Suppose you are given a smooth quartic surface $X$ in $\mathbb P^3$. I would like to find an upper bound for the number of lines on $X$ in the case that there is no plane intersecting the curves in four lines (so that the possible intersections of the surface and a plane are an irreducible quartic curve, a line and an irreducible cubic, or two lines and a smooth conic).

One possible way of finding such a bound is the following.
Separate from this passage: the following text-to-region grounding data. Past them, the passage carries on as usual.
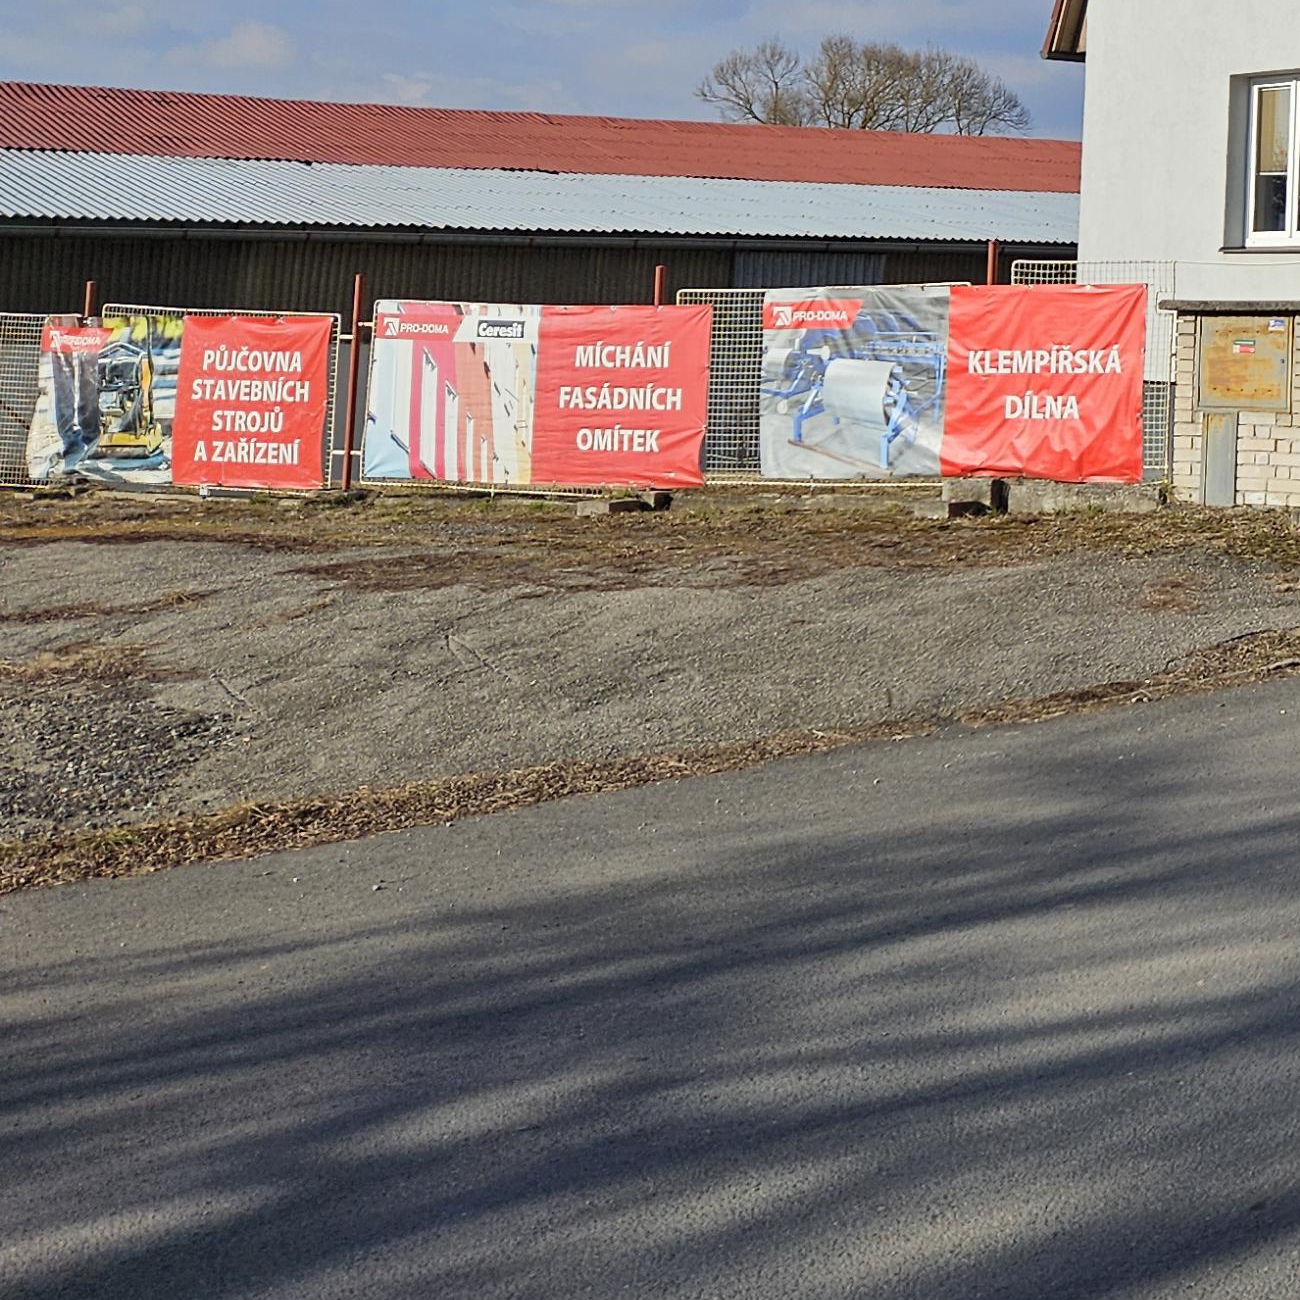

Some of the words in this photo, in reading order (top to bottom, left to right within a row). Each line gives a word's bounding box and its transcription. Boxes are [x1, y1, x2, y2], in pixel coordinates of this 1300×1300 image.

[400, 322, 449, 334] PRO-DOMA
[479, 321, 523, 338] Ceresit
[792, 310, 848, 322] PRO-DOMA
[202, 344, 302, 372] PŮJČOVNA
[574, 340, 672, 368] MÍCHÁNÍ
[967, 344, 1122, 374] KLEMPÍŘSKÁ
[191, 376, 310, 402] STAVEBNÍCH
[558, 382, 683, 411] FASÁDNÍCH
[211, 405, 284, 433] STROJŮ
[1004, 390, 1080, 420] DÍLNA
[193, 440, 208, 462] A
[210, 437, 301, 465] ZAŘÍZENÍ
[575, 424, 661, 453] OMÍTEK
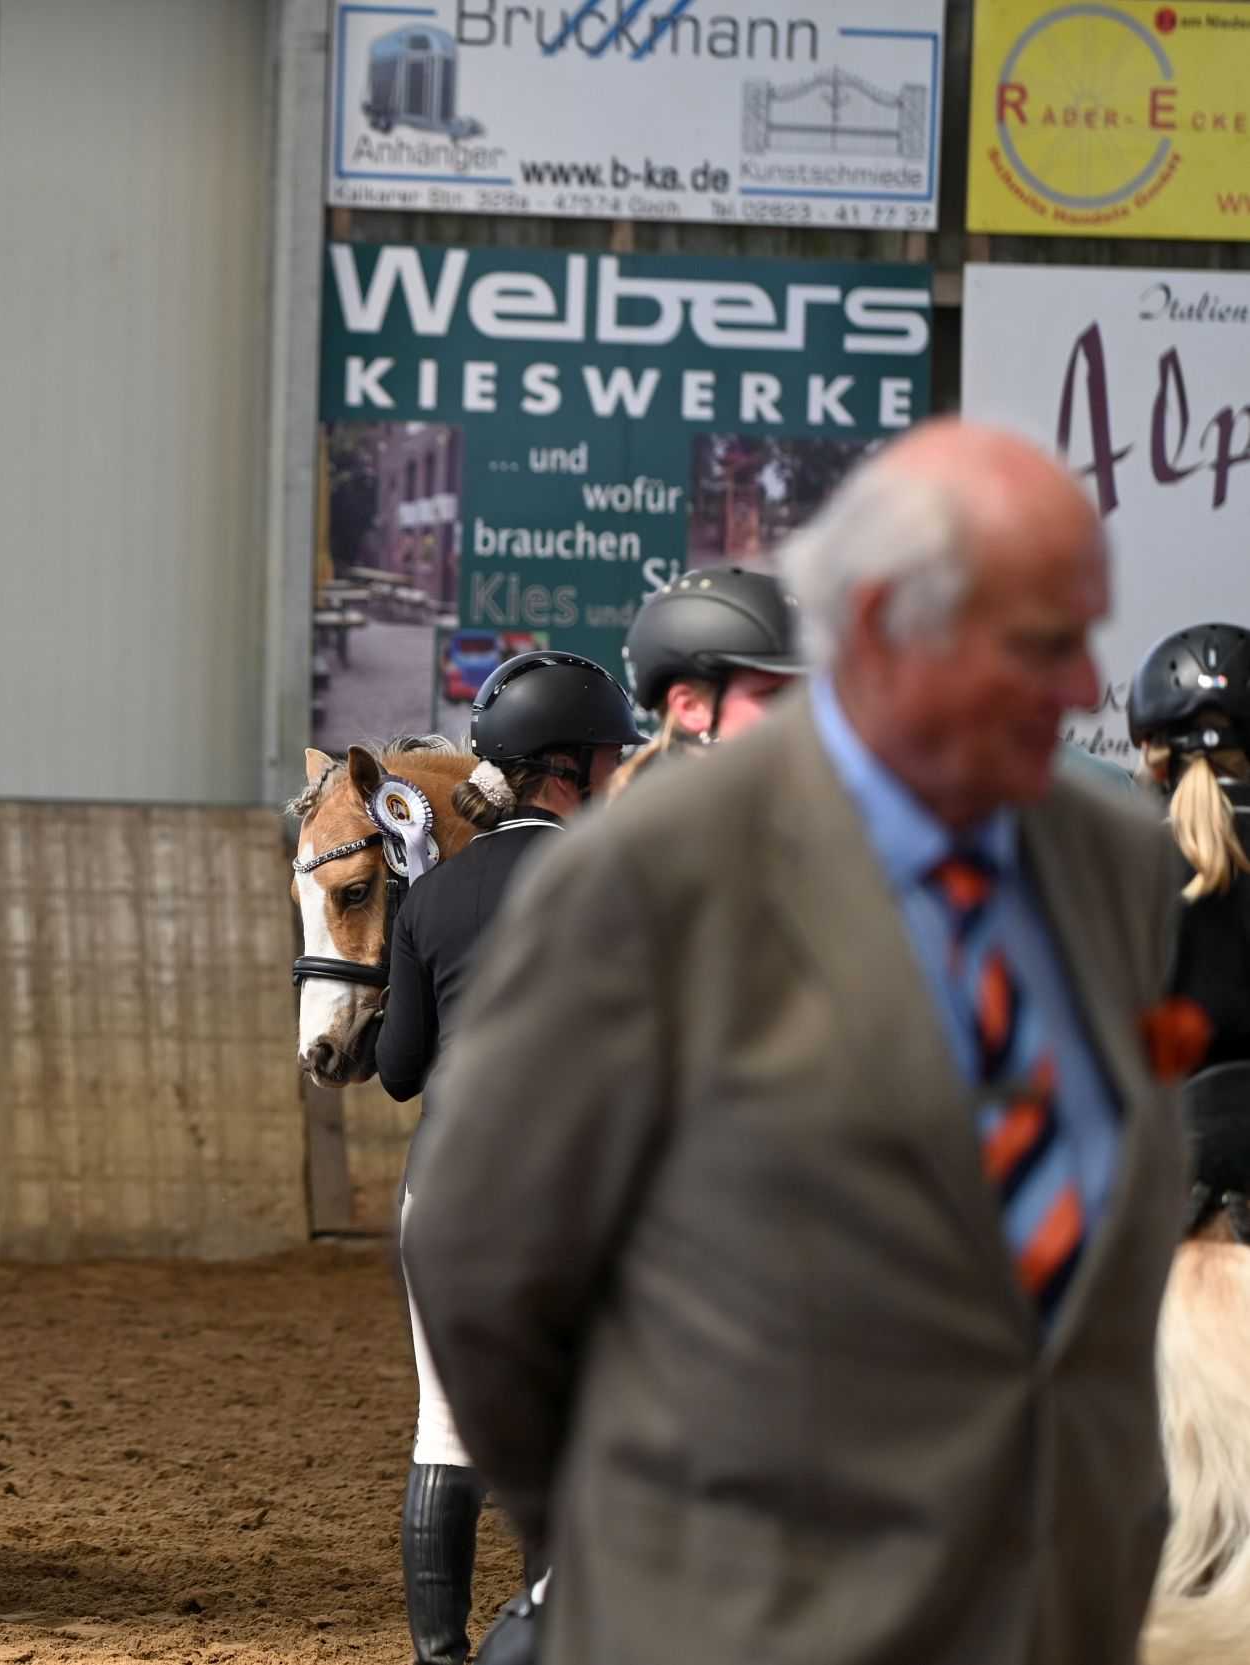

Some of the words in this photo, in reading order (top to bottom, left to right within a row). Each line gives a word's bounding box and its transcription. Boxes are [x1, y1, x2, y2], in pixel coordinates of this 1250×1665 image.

[519, 155, 730, 194] www.b-ka.de
[739, 160, 924, 188] Kunstschmiede
[330, 244, 931, 354] Welbers
[346, 357, 912, 426] KIESWERKE
[529, 441, 588, 474] und
[582, 475, 682, 514] wofür
[474, 518, 641, 561] brauchen
[470, 570, 580, 628] Kies
[643, 557, 682, 603] Si
Suppose you are given a triangle-free graph $\Gamma$. Form the matrix $M_\Gamma = (m_{ij})$ in this way: set $m_{ii} = -2$, and $m_{ij} = 1$ or $0$ ($i \neq j$) if the vertices $v_i$ and $v_j$ are connected respectively not connected by an edge. In other words, $M_\Gamma$ is $A_\Gamma - 2I$, where $A_\Gamma$ is the adjacency matrix of the graph $\Gamma$. Note that they have the same eigenvalues shifted by two.
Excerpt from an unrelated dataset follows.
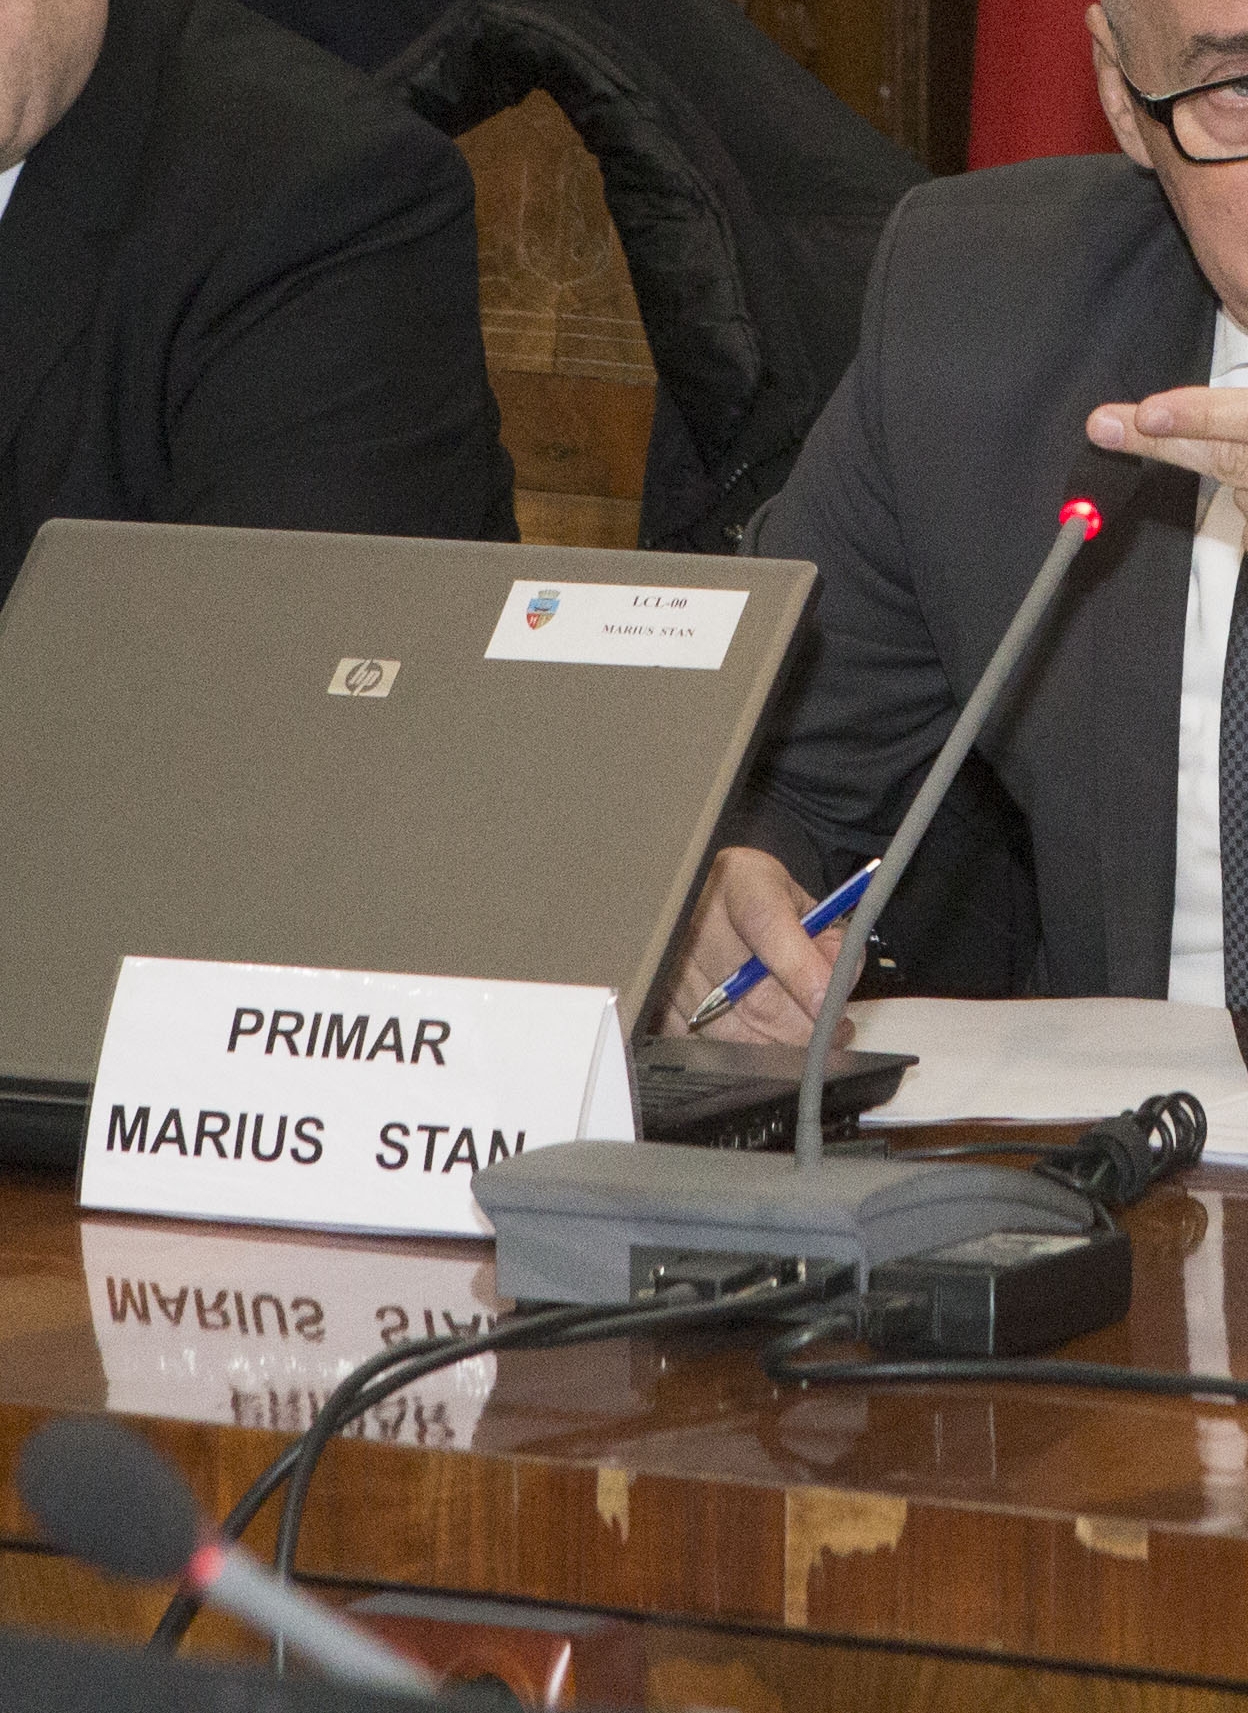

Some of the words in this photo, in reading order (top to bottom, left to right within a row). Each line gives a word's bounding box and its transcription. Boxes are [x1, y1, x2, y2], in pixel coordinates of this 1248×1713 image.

Of course, the vertices of the graph represent the lines on the surface and they are connected if and only if the lines intersect. Taking into account the Lefschetz bound on the Picard number, we can ask: if the rank of the matrix $M_\Gamma$ is lower than 20 (in the complex case) or 22 (in the positive characteristic case), how many vertices can the graph $\Gamma$ have?

The question without the "triangle-freeness" hypothesis seems also interesting to me.

Before plunging in the theory of algebraic graph theory, I would like to ask you whether this approach has already been pursued. Any reference to articles or books related to this problem (for example, on nice characterizations of graphs admitting the eigenvalue 2) will also be appreciated.